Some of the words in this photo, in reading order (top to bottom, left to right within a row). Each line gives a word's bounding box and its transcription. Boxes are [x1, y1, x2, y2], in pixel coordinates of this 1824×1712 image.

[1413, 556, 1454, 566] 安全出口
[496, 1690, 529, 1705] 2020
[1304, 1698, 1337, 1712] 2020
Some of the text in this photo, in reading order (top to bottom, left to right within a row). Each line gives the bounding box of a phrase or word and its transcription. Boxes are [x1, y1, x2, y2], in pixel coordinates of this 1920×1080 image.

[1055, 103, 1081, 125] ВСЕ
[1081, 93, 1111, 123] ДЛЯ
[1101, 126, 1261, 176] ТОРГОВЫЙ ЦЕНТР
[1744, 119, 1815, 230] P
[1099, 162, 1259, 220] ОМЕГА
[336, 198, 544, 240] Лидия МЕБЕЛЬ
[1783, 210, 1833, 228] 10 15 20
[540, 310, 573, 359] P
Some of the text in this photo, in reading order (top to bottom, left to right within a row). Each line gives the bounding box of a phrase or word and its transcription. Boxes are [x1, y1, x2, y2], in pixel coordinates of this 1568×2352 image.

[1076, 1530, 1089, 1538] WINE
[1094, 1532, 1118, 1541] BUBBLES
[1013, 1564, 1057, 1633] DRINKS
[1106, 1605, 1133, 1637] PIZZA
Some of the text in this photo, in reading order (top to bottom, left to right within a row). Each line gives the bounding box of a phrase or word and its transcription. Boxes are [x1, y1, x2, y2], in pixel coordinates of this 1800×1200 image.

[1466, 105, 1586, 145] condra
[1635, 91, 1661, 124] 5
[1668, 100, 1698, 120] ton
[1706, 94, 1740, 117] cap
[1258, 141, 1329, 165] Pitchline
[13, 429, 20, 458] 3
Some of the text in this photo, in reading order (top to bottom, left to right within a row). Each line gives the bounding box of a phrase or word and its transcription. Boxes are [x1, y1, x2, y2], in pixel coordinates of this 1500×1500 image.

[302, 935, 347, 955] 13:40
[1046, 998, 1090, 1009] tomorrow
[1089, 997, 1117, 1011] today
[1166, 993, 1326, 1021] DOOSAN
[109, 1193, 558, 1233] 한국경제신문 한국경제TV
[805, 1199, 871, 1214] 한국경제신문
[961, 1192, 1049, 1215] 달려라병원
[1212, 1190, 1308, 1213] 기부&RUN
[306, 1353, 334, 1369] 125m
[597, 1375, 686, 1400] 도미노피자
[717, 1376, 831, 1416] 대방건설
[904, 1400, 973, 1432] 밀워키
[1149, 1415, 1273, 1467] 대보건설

> _Activity_: Your task is to return, exactly and on their own, the lines from the one containing "this 1500×1500 image." through the last line of the listing.

> _Expected answer_:
Some of the text in this photo, in reading order (top to bottom, left to right within a row). Each line gives the bounding box of a phrase or word and its transcription. Boxes are [x1, y1, x2, y2], in pixel coordinates of this 1500×1500 image.

[302, 935, 347, 955] 13:40
[1046, 998, 1090, 1009] tomorrow
[1089, 997, 1117, 1011] today
[1166, 993, 1326, 1021] DOOSAN
[109, 1193, 558, 1233] 한국경제신문 한국경제TV
[805, 1199, 871, 1214] 한국경제신문
[961, 1192, 1049, 1215] 달려라병원
[1212, 1190, 1308, 1213] 기부&RUN
[306, 1353, 334, 1369] 125m
[597, 1375, 686, 1400] 도미노피자
[717, 1376, 831, 1416] 대방건설
[904, 1400, 973, 1432] 밀워키
[1149, 1415, 1273, 1467] 대보건설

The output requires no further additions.